Dataset records:
^^^^^^^^^^^^^^^^

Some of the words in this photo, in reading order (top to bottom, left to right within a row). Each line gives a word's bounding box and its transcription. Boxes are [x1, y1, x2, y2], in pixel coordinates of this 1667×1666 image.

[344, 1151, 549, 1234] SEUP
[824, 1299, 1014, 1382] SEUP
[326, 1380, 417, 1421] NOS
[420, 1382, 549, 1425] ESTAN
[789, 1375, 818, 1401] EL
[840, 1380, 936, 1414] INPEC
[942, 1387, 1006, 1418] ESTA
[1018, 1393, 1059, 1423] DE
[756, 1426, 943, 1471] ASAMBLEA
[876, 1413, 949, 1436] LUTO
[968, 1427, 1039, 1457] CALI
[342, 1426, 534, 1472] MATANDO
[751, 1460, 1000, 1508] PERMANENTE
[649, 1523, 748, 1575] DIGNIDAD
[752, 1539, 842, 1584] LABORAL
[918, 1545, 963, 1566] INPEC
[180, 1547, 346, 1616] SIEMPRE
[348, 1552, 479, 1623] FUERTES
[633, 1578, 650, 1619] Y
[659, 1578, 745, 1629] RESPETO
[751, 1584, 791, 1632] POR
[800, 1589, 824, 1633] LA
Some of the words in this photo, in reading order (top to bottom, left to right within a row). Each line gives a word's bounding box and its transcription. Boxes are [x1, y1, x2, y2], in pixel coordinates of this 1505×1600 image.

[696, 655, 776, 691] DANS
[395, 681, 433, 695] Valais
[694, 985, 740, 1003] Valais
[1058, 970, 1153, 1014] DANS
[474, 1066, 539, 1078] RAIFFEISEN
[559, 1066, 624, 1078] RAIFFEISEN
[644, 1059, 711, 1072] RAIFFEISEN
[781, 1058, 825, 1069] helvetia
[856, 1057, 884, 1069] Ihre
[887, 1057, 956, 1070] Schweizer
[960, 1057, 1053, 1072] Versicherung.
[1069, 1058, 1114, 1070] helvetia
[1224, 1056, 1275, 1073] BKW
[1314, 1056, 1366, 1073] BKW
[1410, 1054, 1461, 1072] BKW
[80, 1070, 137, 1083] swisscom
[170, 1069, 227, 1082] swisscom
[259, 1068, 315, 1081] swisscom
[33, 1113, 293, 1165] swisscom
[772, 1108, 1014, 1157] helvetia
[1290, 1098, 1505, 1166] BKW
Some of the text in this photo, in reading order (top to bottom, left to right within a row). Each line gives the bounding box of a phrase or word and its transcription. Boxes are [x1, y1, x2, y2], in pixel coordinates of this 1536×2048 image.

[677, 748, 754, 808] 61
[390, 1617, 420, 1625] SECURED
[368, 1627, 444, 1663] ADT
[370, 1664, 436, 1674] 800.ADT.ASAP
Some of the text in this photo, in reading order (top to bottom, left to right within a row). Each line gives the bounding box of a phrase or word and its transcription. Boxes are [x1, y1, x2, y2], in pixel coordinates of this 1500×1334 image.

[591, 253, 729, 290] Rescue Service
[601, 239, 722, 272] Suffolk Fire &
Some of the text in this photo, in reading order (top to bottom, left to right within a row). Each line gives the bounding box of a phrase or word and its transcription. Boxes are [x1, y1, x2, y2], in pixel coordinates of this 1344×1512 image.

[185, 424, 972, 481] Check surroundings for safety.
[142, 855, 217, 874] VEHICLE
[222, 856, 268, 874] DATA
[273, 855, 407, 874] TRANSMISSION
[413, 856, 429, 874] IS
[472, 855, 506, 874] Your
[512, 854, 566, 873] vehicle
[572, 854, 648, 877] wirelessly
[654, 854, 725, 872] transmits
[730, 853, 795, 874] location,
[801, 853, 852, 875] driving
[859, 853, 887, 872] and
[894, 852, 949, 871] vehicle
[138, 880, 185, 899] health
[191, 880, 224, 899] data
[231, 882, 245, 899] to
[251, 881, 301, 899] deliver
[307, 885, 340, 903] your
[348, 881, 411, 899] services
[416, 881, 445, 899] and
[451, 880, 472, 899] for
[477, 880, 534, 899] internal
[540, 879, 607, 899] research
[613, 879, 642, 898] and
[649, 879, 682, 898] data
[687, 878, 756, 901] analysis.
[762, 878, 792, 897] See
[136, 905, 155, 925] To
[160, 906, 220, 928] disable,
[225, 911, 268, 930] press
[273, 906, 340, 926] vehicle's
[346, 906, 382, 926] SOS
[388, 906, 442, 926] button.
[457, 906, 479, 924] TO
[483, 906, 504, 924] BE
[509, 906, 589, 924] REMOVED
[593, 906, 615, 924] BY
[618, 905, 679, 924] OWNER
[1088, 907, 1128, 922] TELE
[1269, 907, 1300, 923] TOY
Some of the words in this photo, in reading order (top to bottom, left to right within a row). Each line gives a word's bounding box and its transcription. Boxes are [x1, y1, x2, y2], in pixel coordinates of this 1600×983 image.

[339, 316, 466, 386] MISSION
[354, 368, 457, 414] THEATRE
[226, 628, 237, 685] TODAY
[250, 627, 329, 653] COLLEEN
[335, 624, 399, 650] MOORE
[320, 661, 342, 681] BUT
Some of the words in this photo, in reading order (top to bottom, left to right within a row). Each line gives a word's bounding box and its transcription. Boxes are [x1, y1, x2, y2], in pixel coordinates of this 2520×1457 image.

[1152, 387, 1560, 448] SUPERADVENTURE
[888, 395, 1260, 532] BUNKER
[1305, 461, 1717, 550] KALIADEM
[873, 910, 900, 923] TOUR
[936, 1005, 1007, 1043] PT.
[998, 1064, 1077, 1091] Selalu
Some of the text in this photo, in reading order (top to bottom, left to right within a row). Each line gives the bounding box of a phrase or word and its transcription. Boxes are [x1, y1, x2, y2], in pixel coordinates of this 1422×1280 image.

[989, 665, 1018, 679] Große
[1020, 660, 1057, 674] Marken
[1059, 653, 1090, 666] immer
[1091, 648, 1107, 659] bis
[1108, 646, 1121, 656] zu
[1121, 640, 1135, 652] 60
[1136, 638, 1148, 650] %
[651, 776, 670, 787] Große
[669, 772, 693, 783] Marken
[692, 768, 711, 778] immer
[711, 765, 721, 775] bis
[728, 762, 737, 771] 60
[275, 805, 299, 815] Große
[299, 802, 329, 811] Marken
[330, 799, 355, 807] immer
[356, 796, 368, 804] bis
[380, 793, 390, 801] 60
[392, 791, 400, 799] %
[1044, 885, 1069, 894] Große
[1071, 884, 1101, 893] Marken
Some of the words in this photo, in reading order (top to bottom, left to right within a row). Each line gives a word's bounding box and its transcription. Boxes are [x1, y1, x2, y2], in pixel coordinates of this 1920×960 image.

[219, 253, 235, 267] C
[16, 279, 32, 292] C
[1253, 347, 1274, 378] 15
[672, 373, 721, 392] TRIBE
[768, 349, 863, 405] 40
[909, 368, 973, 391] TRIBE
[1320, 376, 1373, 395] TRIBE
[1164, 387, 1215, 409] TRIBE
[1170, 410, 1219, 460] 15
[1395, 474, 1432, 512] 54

^^^^^^^^^^^^^^^^

Prompt: Go through the data and copy each line exactly as it was written.

Answer for this exercise:
Some of the words in this photo, in reading order (top to bottom, left to right within a row). Each line gives a word's bounding box and its transcription. Boxes are [x1, y1, x2, y2], in pixel coordinates of this 1667×1666 image.

[344, 1151, 549, 1234] SEUP
[824, 1299, 1014, 1382] SEUP
[326, 1380, 417, 1421] NOS
[420, 1382, 549, 1425] ESTAN
[789, 1375, 818, 1401] EL
[840, 1380, 936, 1414] INPEC
[942, 1387, 1006, 1418] ESTA
[1018, 1393, 1059, 1423] DE
[756, 1426, 943, 1471] ASAMBLEA
[876, 1413, 949, 1436] LUTO
[968, 1427, 1039, 1457] CALI
[342, 1426, 534, 1472] MATANDO
[751, 1460, 1000, 1508] PERMANENTE
[649, 1523, 748, 1575] DIGNIDAD
[752, 1539, 842, 1584] LABORAL
[918, 1545, 963, 1566] INPEC
[180, 1547, 346, 1616] SIEMPRE
[348, 1552, 479, 1623] FUERTES
[633, 1578, 650, 1619] Y
[659, 1578, 745, 1629] RESPETO
[751, 1584, 791, 1632] POR
[800, 1589, 824, 1633] LA
Some of the words in this photo, in reading order (top to bottom, left to right within a row). Each line gives a word's bounding box and its transcription. Boxes are [x1, y1, x2, y2], in pixel coordinates of this 1505×1600 image.

[696, 655, 776, 691] DANS
[395, 681, 433, 695] Valais
[694, 985, 740, 1003] Valais
[1058, 970, 1153, 1014] DANS
[474, 1066, 539, 1078] RAIFFEISEN
[559, 1066, 624, 1078] RAIFFEISEN
[644, 1059, 711, 1072] RAIFFEISEN
[781, 1058, 825, 1069] helvetia
[856, 1057, 884, 1069] Ihre
[887, 1057, 956, 1070] Schweizer
[960, 1057, 1053, 1072] Versicherung.
[1069, 1058, 1114, 1070] helvetia
[1224, 1056, 1275, 1073] BKW
[1314, 1056, 1366, 1073] BKW
[1410, 1054, 1461, 1072] BKW
[80, 1070, 137, 1083] swisscom
[170, 1069, 227, 1082] swisscom
[259, 1068, 315, 1081] swisscom
[33, 1113, 293, 1165] swisscom
[772, 1108, 1014, 1157] helvetia
[1290, 1098, 1505, 1166] BKW
Some of the text in this photo, in reading order (top to bottom, left to right within a row). Each line gives the bounding box of a phrase or word and its transcription. Boxes are [x1, y1, x2, y2], in pixel coordinates of this 1536×2048 image.

[677, 748, 754, 808] 61
[390, 1617, 420, 1625] SECURED
[368, 1627, 444, 1663] ADT
[370, 1664, 436, 1674] 800.ADT.ASAP
Some of the text in this photo, in reading order (top to bottom, left to right within a row). Each line gives the bounding box of a phrase or word and its transcription. Boxes are [x1, y1, x2, y2], in pixel coordinates of this 1500×1334 image.

[591, 253, 729, 290] Rescue Service
[601, 239, 722, 272] Suffolk Fire &
Some of the text in this photo, in reading order (top to bottom, left to right within a row). Each line gives the bounding box of a phrase or word and its transcription. Boxes are [x1, y1, x2, y2], in pixel coordinates of this 1344×1512 image.

[185, 424, 972, 481] Check surroundings for safety.
[142, 855, 217, 874] VEHICLE
[222, 856, 268, 874] DATA
[273, 855, 407, 874] TRANSMISSION
[413, 856, 429, 874] IS
[472, 855, 506, 874] Your
[512, 854, 566, 873] vehicle
[572, 854, 648, 877] wirelessly
[654, 854, 725, 872] transmits
[730, 853, 795, 874] location,
[801, 853, 852, 875] driving
[859, 853, 887, 872] and
[894, 852, 949, 871] vehicle
[138, 880, 185, 899] health
[191, 880, 224, 899] data
[231, 882, 245, 899] to
[251, 881, 301, 899] deliver
[307, 885, 340, 903] your
[348, 881, 411, 899] services
[416, 881, 445, 899] and
[451, 880, 472, 899] for
[477, 880, 534, 899] internal
[540, 879, 607, 899] research
[613, 879, 642, 898] and
[649, 879, 682, 898] data
[687, 878, 756, 901] analysis.
[762, 878, 792, 897] See
[136, 905, 155, 925] To
[160, 906, 220, 928] disable,
[225, 911, 268, 930] press
[273, 906, 340, 926] vehicle's
[346, 906, 382, 926] SOS
[388, 906, 442, 926] button.
[457, 906, 479, 924] TO
[483, 906, 504, 924] BE
[509, 906, 589, 924] REMOVED
[593, 906, 615, 924] BY
[618, 905, 679, 924] OWNER
[1088, 907, 1128, 922] TELE
[1269, 907, 1300, 923] TOY
Some of the words in this photo, in reading order (top to bottom, left to right within a row). Each line gives a word's bounding box and its transcription. Boxes are [x1, y1, x2, y2], in pixel coordinates of this 1600×983 image.

[339, 316, 466, 386] MISSION
[354, 368, 457, 414] THEATRE
[226, 628, 237, 685] TODAY
[250, 627, 329, 653] COLLEEN
[335, 624, 399, 650] MOORE
[320, 661, 342, 681] BUT
Some of the words in this photo, in reading order (top to bottom, left to right within a row). Each line gives a word's bounding box and its transcription. Boxes are [x1, y1, x2, y2], in pixel coordinates of this 2520×1457 image.

[1152, 387, 1560, 448] SUPERADVENTURE
[888, 395, 1260, 532] BUNKER
[1305, 461, 1717, 550] KALIADEM
[873, 910, 900, 923] TOUR
[936, 1005, 1007, 1043] PT.
[998, 1064, 1077, 1091] Selalu
Some of the text in this photo, in reading order (top to bottom, left to right within a row). Each line gives the bounding box of a phrase or word and its transcription. Boxes are [x1, y1, x2, y2], in pixel coordinates of this 1422×1280 image.

[989, 665, 1018, 679] Große
[1020, 660, 1057, 674] Marken
[1059, 653, 1090, 666] immer
[1091, 648, 1107, 659] bis
[1108, 646, 1121, 656] zu
[1121, 640, 1135, 652] 60
[1136, 638, 1148, 650] %
[651, 776, 670, 787] Große
[669, 772, 693, 783] Marken
[692, 768, 711, 778] immer
[711, 765, 721, 775] bis
[728, 762, 737, 771] 60
[275, 805, 299, 815] Große
[299, 802, 329, 811] Marken
[330, 799, 355, 807] immer
[356, 796, 368, 804] bis
[380, 793, 390, 801] 60
[392, 791, 400, 799] %
[1044, 885, 1069, 894] Große
[1071, 884, 1101, 893] Marken
Some of the words in this photo, in reading order (top to bottom, left to right within a row). Each line gives a word's bounding box and its transcription. Boxes are [x1, y1, x2, y2], in pixel coordinates of this 1920×960 image.

[219, 253, 235, 267] C
[16, 279, 32, 292] C
[1253, 347, 1274, 378] 15
[672, 373, 721, 392] TRIBE
[768, 349, 863, 405] 40
[909, 368, 973, 391] TRIBE
[1320, 376, 1373, 395] TRIBE
[1164, 387, 1215, 409] TRIBE
[1170, 410, 1219, 460] 15
[1395, 474, 1432, 512] 54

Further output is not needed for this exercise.